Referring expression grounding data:
-- -- --

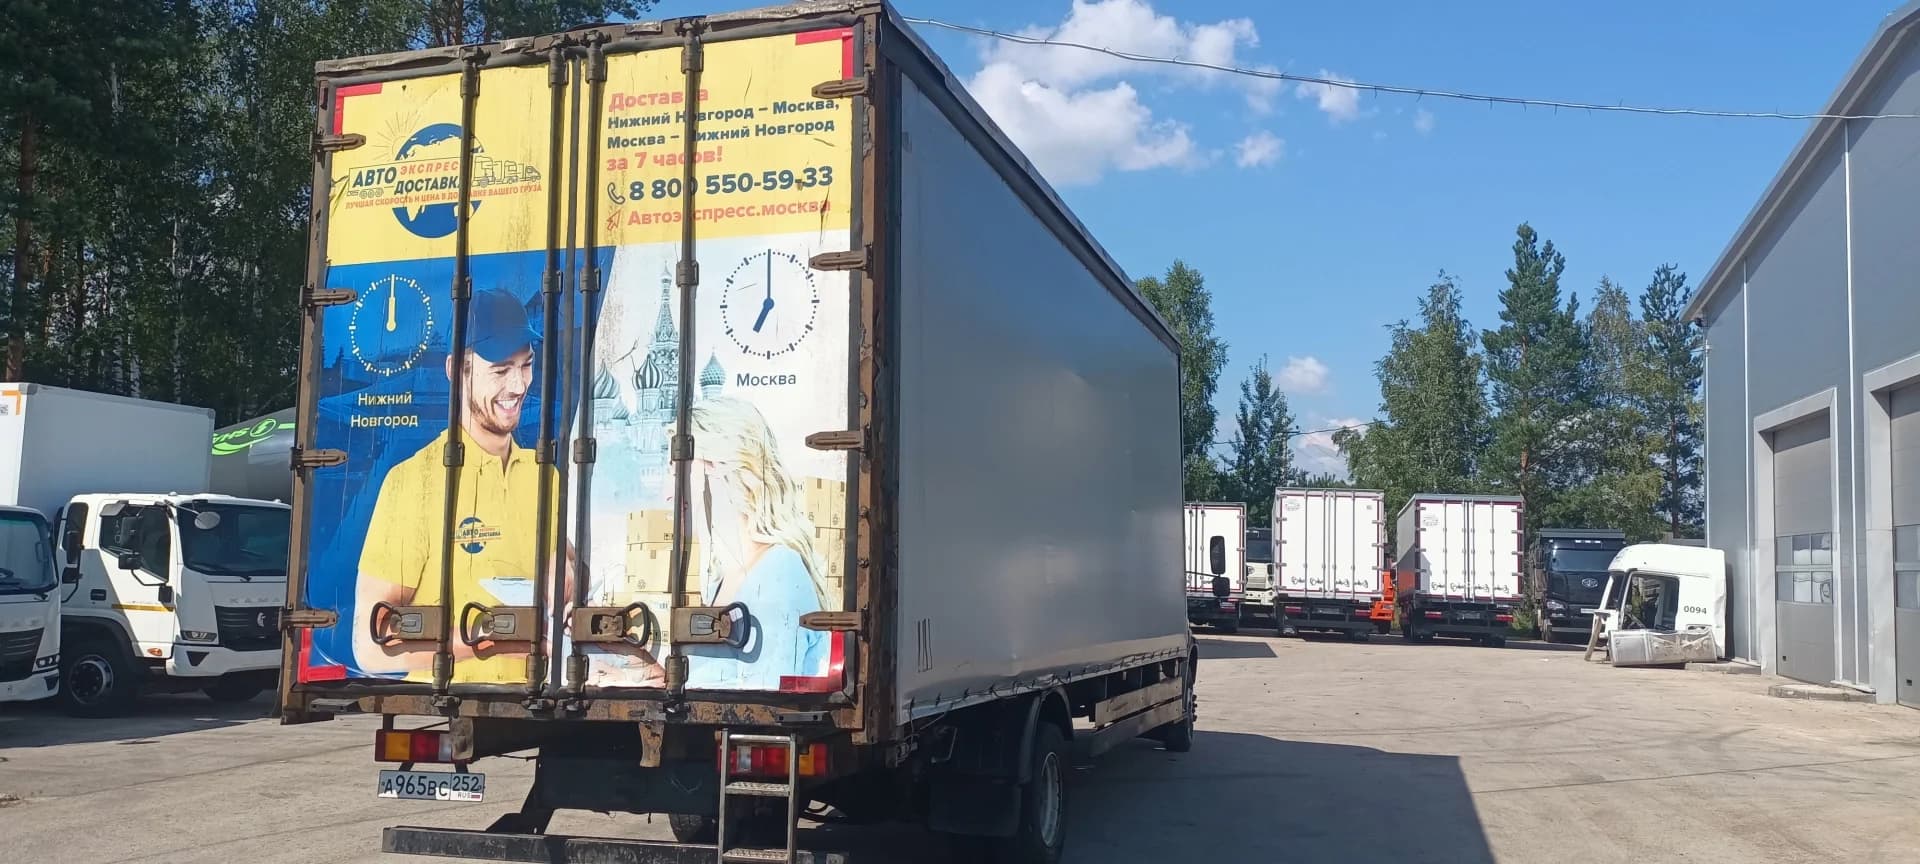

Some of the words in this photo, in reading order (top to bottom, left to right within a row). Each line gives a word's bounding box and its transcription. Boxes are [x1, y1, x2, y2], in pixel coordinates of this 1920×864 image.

[608, 88, 709, 112] Достава
[607, 112, 671, 129] Нижний
[675, 106, 754, 123] Нвгород
[772, 99, 840, 115] Москва,
[607, 135, 666, 149] Москва
[693, 126, 750, 142] ижний
[755, 119, 835, 137] Новгород
[400, 161, 460, 175] ЭКСПРЕС
[606, 157, 628, 171] за
[635, 151, 648, 168] 7
[653, 146, 723, 166] часов!
[352, 166, 397, 188] АВТО
[394, 175, 460, 195] ДОСТАВК
[629, 181, 645, 200] 8
[651, 177, 698, 199] 800
[706, 165, 833, 194] 550-59-33
[447, 189, 487, 200] ДОАВКЕ
[520, 183, 542, 194] ГРУЗА
[628, 199, 831, 226] Автоэспресс.москва
[736, 373, 797, 387] Москва
[358, 391, 412, 406] Нижний
[351, 414, 418, 429] Новгород
[1683, 605, 1707, 614] 0094
[452, 775, 480, 792] 252

-- -- --

Action item:
Could you repeat every record exactly as written, with the pictures left out?

Reply to the exercise:
Some of the words in this photo, in reading order (top to bottom, left to right within a row). Each line gives a word's bounding box and its transcription. Boxes are [x1, y1, x2, y2], in pixel coordinates of this 1920×864 image.

[608, 88, 709, 112] Достава
[607, 112, 671, 129] Нижний
[675, 106, 754, 123] Нвгород
[772, 99, 840, 115] Москва,
[607, 135, 666, 149] Москва
[693, 126, 750, 142] ижний
[755, 119, 835, 137] Новгород
[400, 161, 460, 175] ЭКСПРЕС
[606, 157, 628, 171] за
[635, 151, 648, 168] 7
[653, 146, 723, 166] часов!
[352, 166, 397, 188] АВТО
[394, 175, 460, 195] ДОСТАВК
[629, 181, 645, 200] 8
[651, 177, 698, 199] 800
[706, 165, 833, 194] 550-59-33
[447, 189, 487, 200] ДОАВКЕ
[520, 183, 542, 194] ГРУЗА
[628, 199, 831, 226] Автоэспресс.москва
[736, 373, 797, 387] Москва
[358, 391, 412, 406] Нижний
[351, 414, 418, 429] Новгород
[1683, 605, 1707, 614] 0094
[452, 775, 480, 792] 252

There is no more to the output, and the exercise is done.